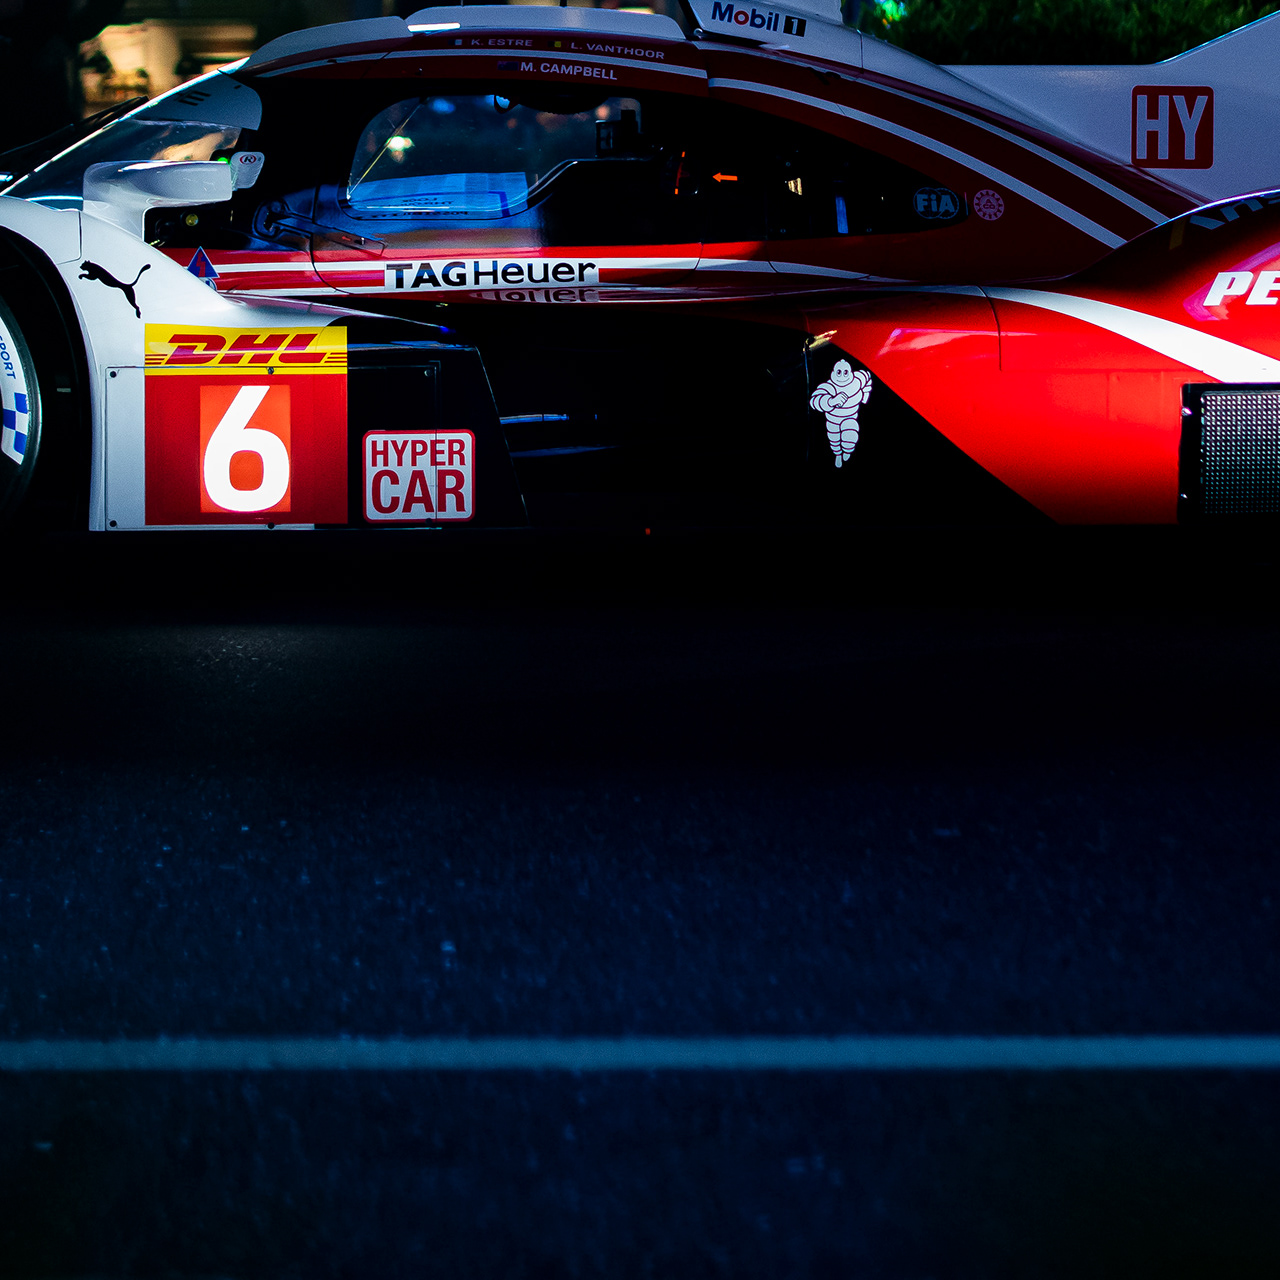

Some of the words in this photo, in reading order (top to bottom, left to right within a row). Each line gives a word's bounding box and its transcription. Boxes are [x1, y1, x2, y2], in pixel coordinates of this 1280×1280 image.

[711, 1, 780, 31] Mobil
[488, 38, 533, 47] ESTRE
[570, 42, 583, 51] L.
[587, 42, 665, 60] VANTHOOR
[520, 61, 537, 73] M.
[540, 62, 618, 81] CAMPBELL
[1136, 94, 1208, 160] HY
[167, 333, 328, 365] DHL
[203, 385, 291, 513] 6
[371, 439, 466, 467] HYPER
[371, 469, 466, 514] CAR

Required action:
The reply should hold every line of the material above, unchanged, and no pictures.

Written answer:
Some of the words in this photo, in reading order (top to bottom, left to right within a row). Each line gives a word's bounding box and its transcription. Boxes are [x1, y1, x2, y2], in pixel coordinates of this 1280×1280 image.

[711, 1, 780, 31] Mobil
[488, 38, 533, 47] ESTRE
[570, 42, 583, 51] L.
[587, 42, 665, 60] VANTHOOR
[520, 61, 537, 73] M.
[540, 62, 618, 81] CAMPBELL
[1136, 94, 1208, 160] HY
[167, 333, 328, 365] DHL
[203, 385, 291, 513] 6
[371, 439, 466, 467] HYPER
[371, 469, 466, 514] CAR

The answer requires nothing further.